§ Activity:
Reproduce the entries exactly and omit the pictures.

Dataset entries
_ _ _ _ _

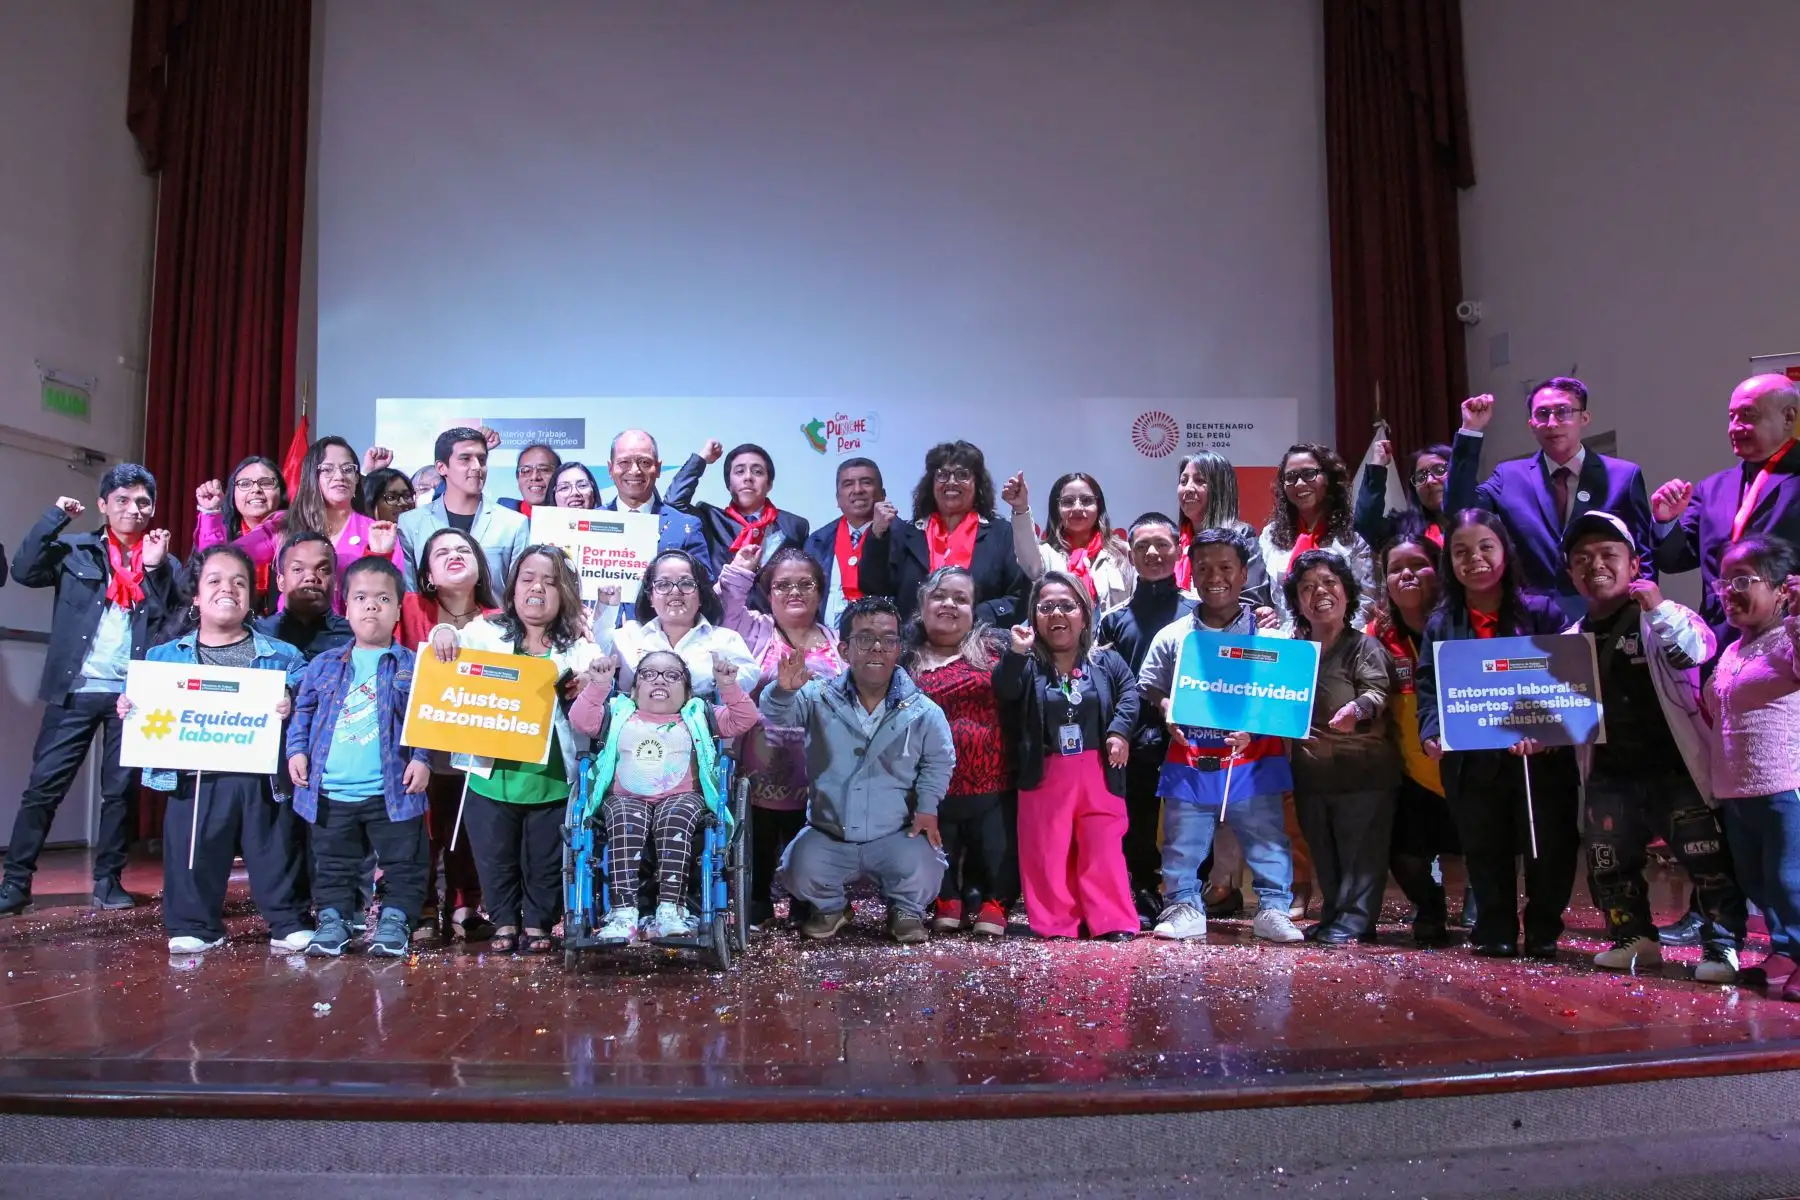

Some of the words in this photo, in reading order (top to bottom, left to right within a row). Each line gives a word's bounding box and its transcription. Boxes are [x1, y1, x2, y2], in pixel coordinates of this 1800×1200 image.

[835, 412, 848, 421] Con
[526, 430, 537, 438] de
[538, 430, 567, 440] Trabajo
[548, 438, 578, 447] Empleo
[1207, 430, 1231, 439] PERÚ
[583, 546, 606, 557] Por
[608, 548, 636, 559] más
[582, 556, 649, 569] Empresas
[1179, 675, 1309, 702] Productividad
[1448, 685, 1515, 699] Entornos
[1517, 682, 1588, 696] laborales
[441, 687, 521, 712] Ajustes
[1446, 699, 1513, 714] abiertos,
[1515, 695, 1592, 710] accesibles
[180, 709, 269, 728] Equidad
[417, 703, 541, 736] Razonables
[1478, 718, 1487, 727] e
[1488, 712, 1563, 727] inclusivos
[179, 727, 255, 744] laboral

_ _ _ _ _

§ Answer space:
Some of the words in this photo, in reading order (top to bottom, left to right within a row). Each line gives a word's bounding box and its transcription. Boxes are [x1, y1, x2, y2], in pixel coordinates of this 1800×1200 image.

[835, 412, 848, 421] Con
[526, 430, 537, 438] de
[538, 430, 567, 440] Trabajo
[548, 438, 578, 447] Empleo
[1207, 430, 1231, 439] PERÚ
[583, 546, 606, 557] Por
[608, 548, 636, 559] más
[582, 556, 649, 569] Empresas
[1179, 675, 1309, 702] Productividad
[1448, 685, 1515, 699] Entornos
[1517, 682, 1588, 696] laborales
[441, 687, 521, 712] Ajustes
[1446, 699, 1513, 714] abiertos,
[1515, 695, 1592, 710] accesibles
[180, 709, 269, 728] Equidad
[417, 703, 541, 736] Razonables
[1478, 718, 1487, 727] e
[1488, 712, 1563, 727] inclusivos
[179, 727, 255, 744] laboral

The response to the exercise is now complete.